Incentives service needs to expose API for giving couriers various types of bonuses and keeping track of their performance. While sketching a simple system level diagram, we decide that Incentives service will synchronously call Payments when we need to pay money for a bonus and Payments will call Incentives when it needs to know couriers’ performance to make payment amount adjustment.

alt text

The services code looks pretty straightforward and very similar to in-process communication.

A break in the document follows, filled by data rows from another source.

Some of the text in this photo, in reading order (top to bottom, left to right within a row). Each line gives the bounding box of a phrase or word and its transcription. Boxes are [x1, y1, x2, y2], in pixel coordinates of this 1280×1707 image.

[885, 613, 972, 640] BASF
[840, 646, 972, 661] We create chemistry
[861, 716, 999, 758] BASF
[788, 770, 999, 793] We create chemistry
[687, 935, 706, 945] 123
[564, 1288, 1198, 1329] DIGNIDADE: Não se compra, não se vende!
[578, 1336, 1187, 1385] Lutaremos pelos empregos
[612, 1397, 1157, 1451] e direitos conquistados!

Everything works fine until Payments service goes down and we start preparing the workaround to batch unpaid bonuses on the client side until Payments goes live.
After we fix this unfortunate issue, Incentives service starts failing. How much do we need to pay couriers if we cannot obtain their performance? Do we need to delay the payments until Incentives service is back?
These inherent problems remain unnoticeable until they result in system outages or drastically slow down the development cycle.

Asynchronous way

Let’s ask ourselves the following questions:

This leads us to a different kind of architecture where Incentives service notifies the rest of the system of events happening in this service.

alt text

If Payments service goes down, event stream will naturally buffer the bonuses.
If Incentives service goes down, Payments will continue working using couriers performance information obtained from the recent events and cached locally. Surprisingly, we even achieved better performance removing unnecessary network call.
We modeled the corner cases as part of the natural flow without adding the messy workaround code.
Moreover, we redistributed responsibilities between these services in a slightly different way. Incentives service no longer has any payment-related code and Payments service owns all the information needed to make payments.
Asynchronous communication enabled true decoupling of services in space and time contributing to better system reliability while keeping the code clean.

Summary

Synchronous services communication is easy to understand. It closely resembles the function calls made inside a process on a single machine. But this simple concept breaks when we try to apply it to distributed systems design.
Although a lot of systems are designed in this way, we can start using asynchronous services communication making them inherently more reliable and build new ones with these ideas in mind.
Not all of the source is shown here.